PROBLEM: Write the records below out again word for word, with the pictures removed.

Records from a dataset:
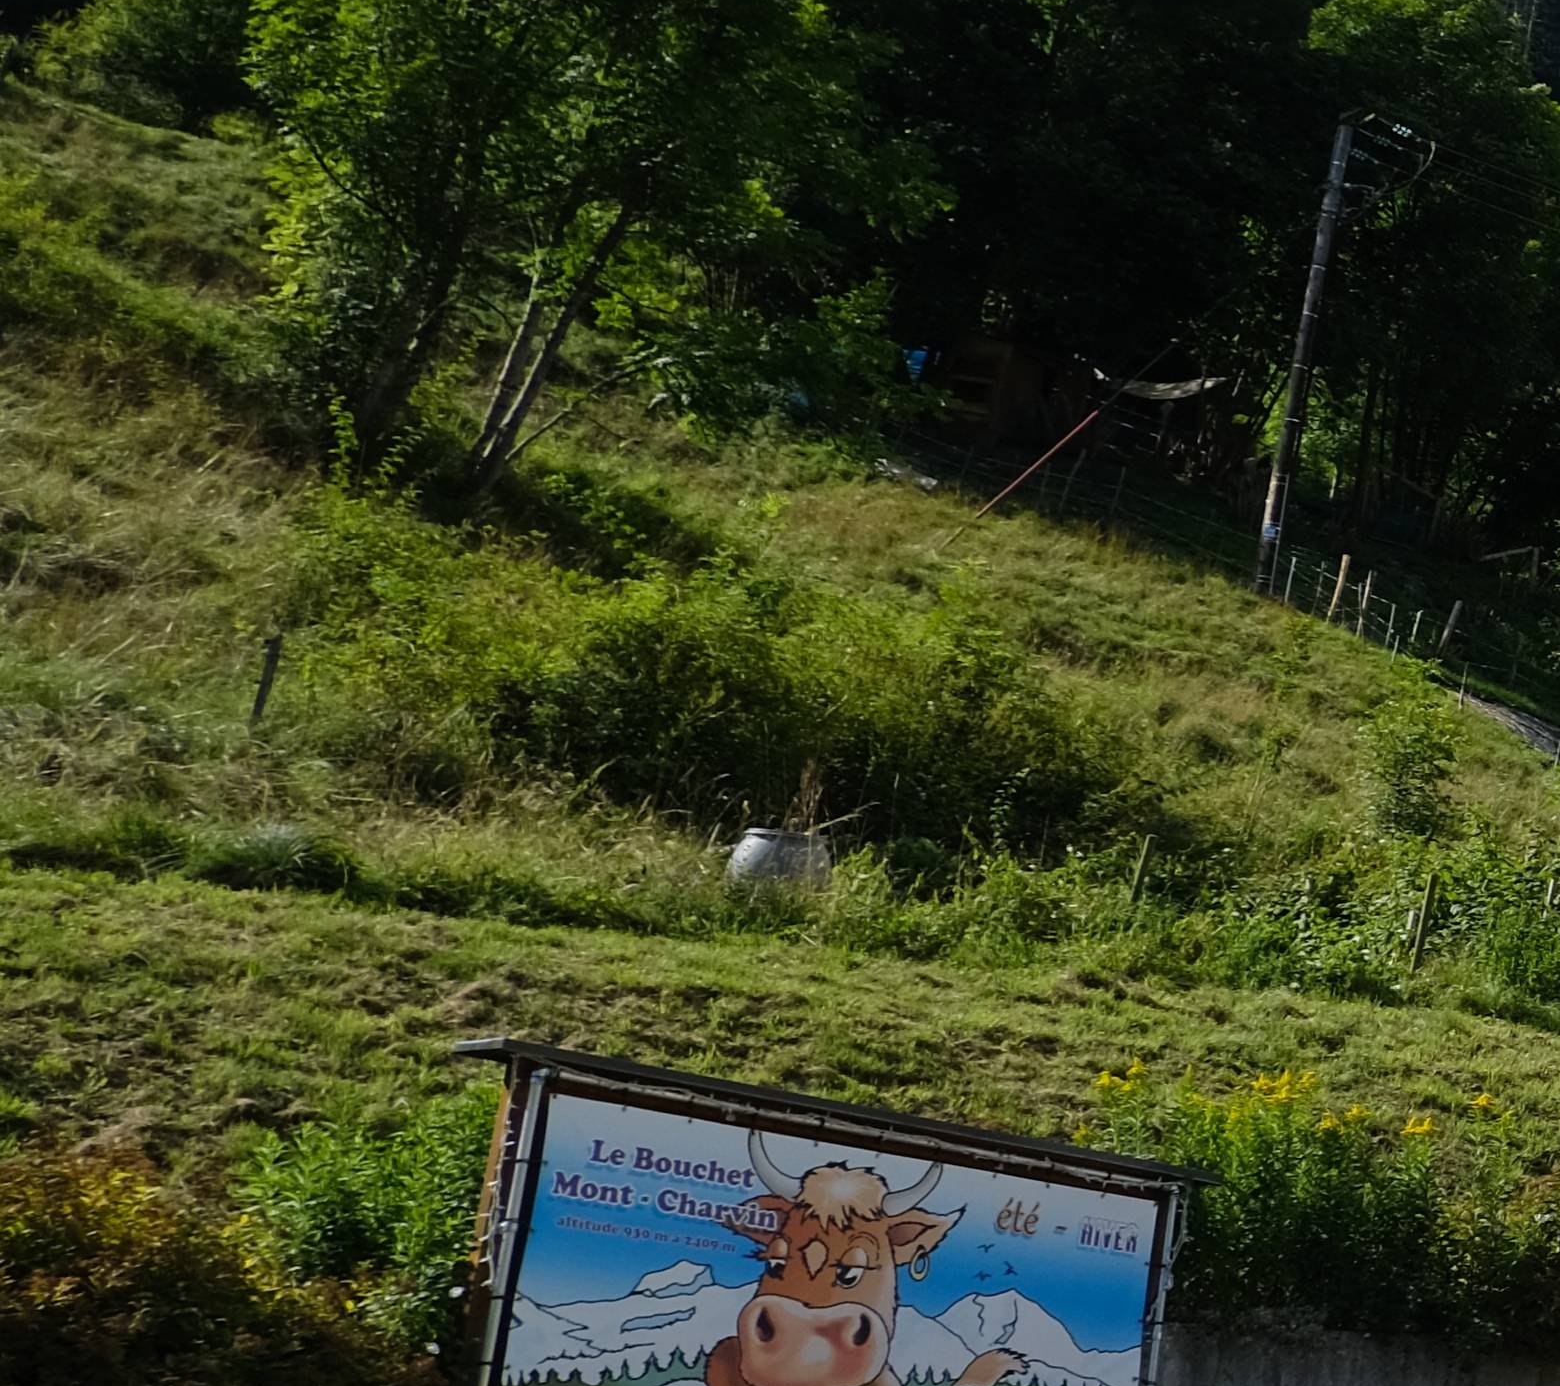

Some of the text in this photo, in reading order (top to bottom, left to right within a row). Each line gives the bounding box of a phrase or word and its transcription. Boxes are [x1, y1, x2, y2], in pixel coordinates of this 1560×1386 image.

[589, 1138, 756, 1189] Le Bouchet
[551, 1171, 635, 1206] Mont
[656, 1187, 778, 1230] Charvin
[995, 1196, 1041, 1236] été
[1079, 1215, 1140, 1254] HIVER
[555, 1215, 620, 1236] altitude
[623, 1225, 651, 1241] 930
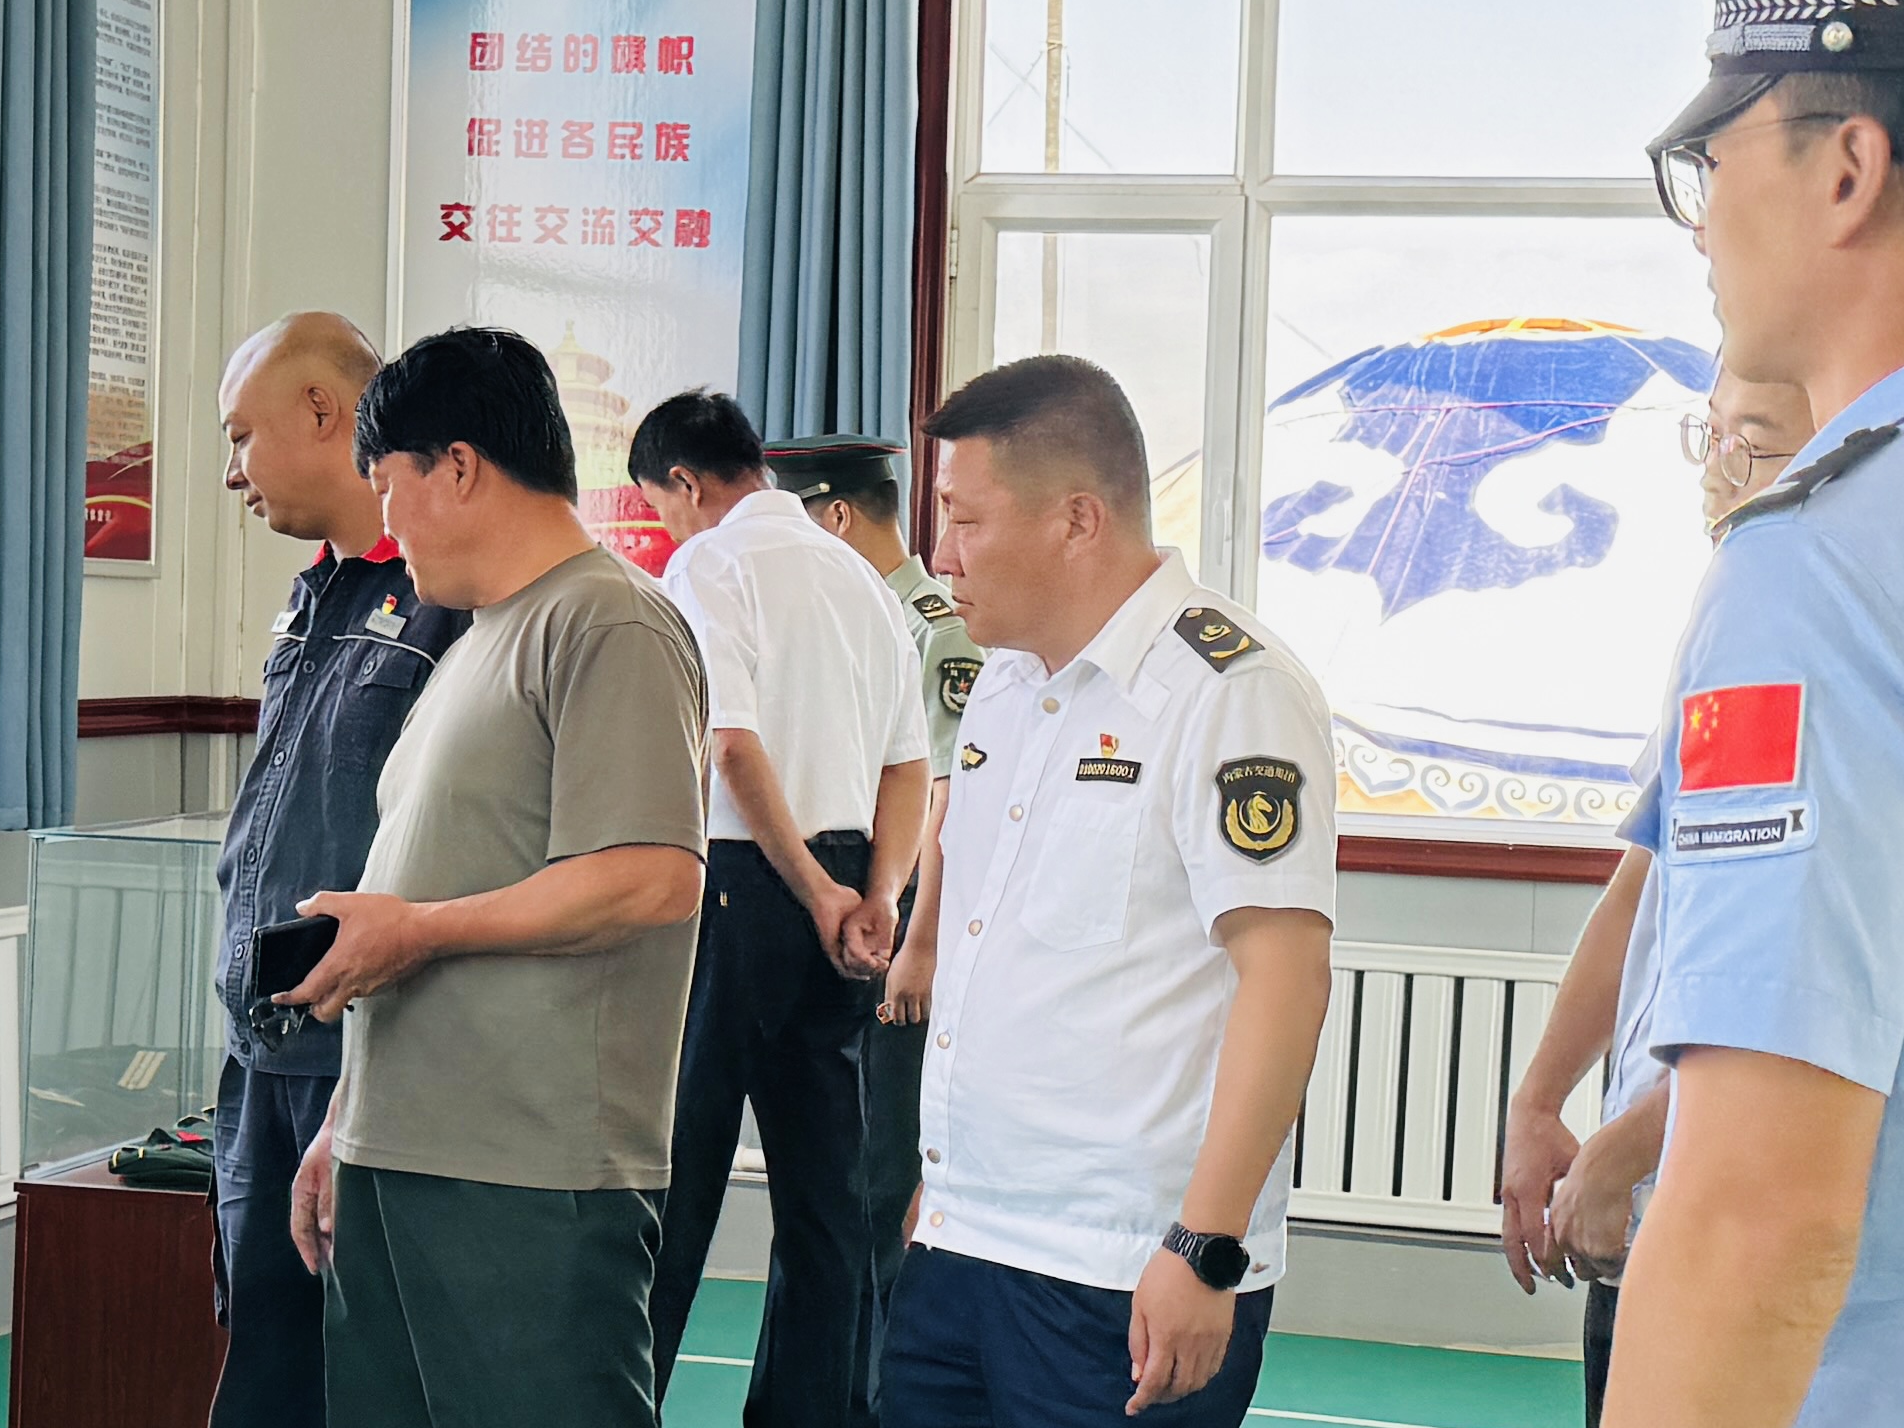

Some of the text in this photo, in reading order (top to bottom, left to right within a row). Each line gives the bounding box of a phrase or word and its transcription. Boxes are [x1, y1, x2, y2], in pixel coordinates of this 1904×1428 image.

TASK ANSWER:
Some of the text in this photo, in reading order (top to bottom, left to right within a row). Each line gives the bounding box of a phrase or word and its transcription. Boxes are [x1, y1, x2, y2], in pixel coordinates of this 1560×1386 image.

[589, 1138, 756, 1189] Le Bouchet
[551, 1171, 635, 1206] Mont
[656, 1187, 778, 1230] Charvin
[995, 1196, 1041, 1236] été
[1079, 1215, 1140, 1254] HIVER
[555, 1215, 620, 1236] altitude
[623, 1225, 651, 1241] 930

Some of the text in this photo, in reading order (top to bottom, left to right within a row). Each line gives the bounding box of a phrase or word and its transcription. Boxes are [x1, y1, x2, y2], in pixel coordinates of this 1904×1428 image.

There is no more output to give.